Dear Parents: 8 Ways to Get More Involved

Parents, coaches and players have had enough.

Change is on the horizon.

We need to ensure that the change that happens is, in fact, the change our children so desperately need. And that is why you, the parents, must get more involved.

You must get more engaged, more connected to youth soccer so you become an active part of the solution your child, and the next generation of children, deserves.Parents have historically been cast as bystanders to the youth soccer experience of their child.

This must change.

Coaches and clubs must actively seek and welcome parent engagement, and parents must embrace it.

I get it, you haven’t wanted to be more involved because you don’t want to be perceived as a Crazy Soccer Parent, or maybe you feel like you don’t know enough about the game to have an opinion.
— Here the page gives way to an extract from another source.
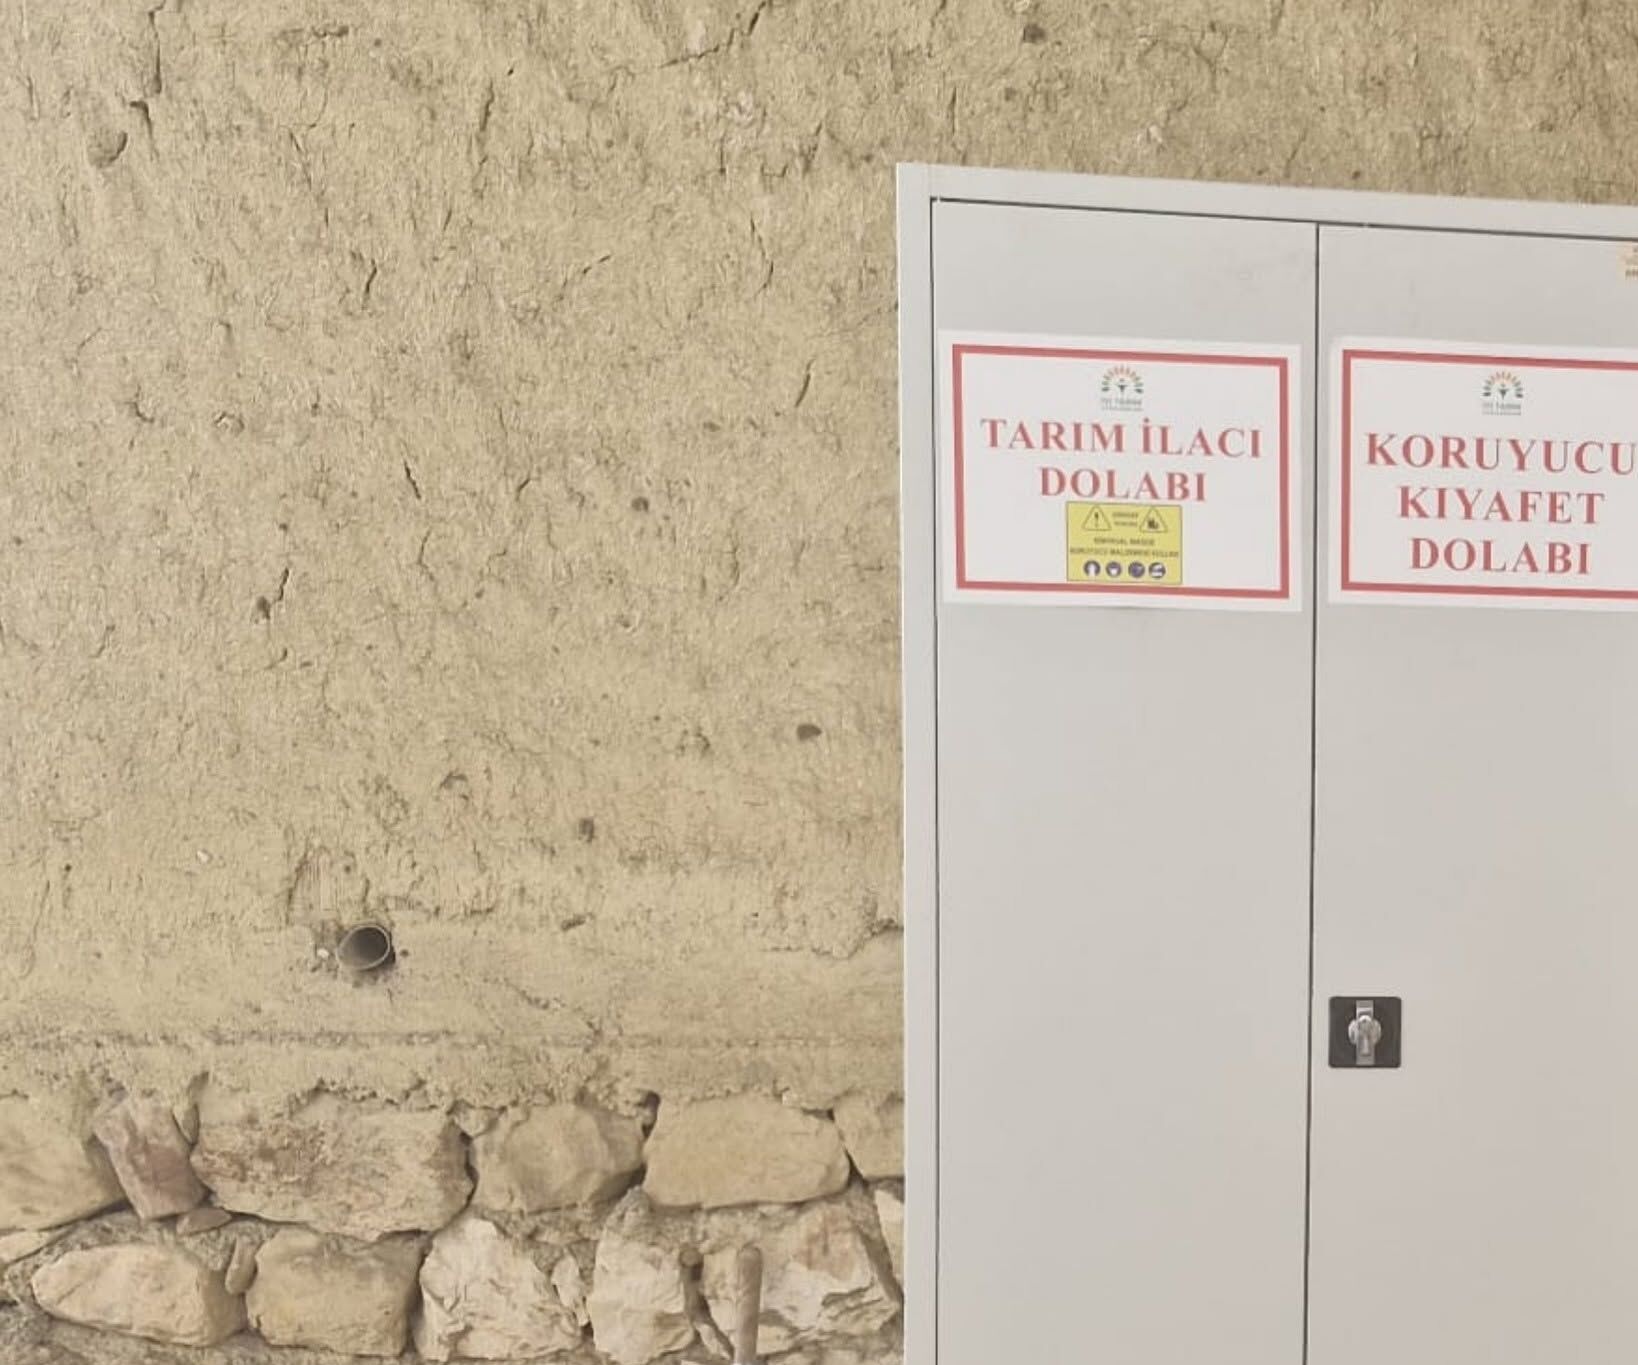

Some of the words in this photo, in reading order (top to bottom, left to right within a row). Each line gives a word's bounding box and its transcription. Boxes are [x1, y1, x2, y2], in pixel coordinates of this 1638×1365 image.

You haven’t been more involved because of the awkward dynamic that too often exists in the coach-parent relationship where coaches are not opening the door to parents and are even being instructed not to open the door to you by their coaching mentors.

Of course, most of you are Level-Headed Parents and you haven’t been more involved because you know that in an ideal youth soccer environment you should be a bystander to your child’s sports experiences.

This is not an ideal youth soccer environment.

YET.

8 Key Areas Parents Must Embrace So All Soccer Playing Children Can Thrive

  1. Understand and Embrace Your Child’s Personal Pathway

One of the most important things you do as a youth soccer parent is to find an environment for your child that suits their athletic potential, mentality and your family situation. You need to develop your understanding of the Athlete Development Model from the U.S. Olympic Committee and U.S. Soccer and gain knowledge about the various pathways available to children, affirm which pathway your child is on, and embrace the experiences associated with that pathway – whether it be participation or performance.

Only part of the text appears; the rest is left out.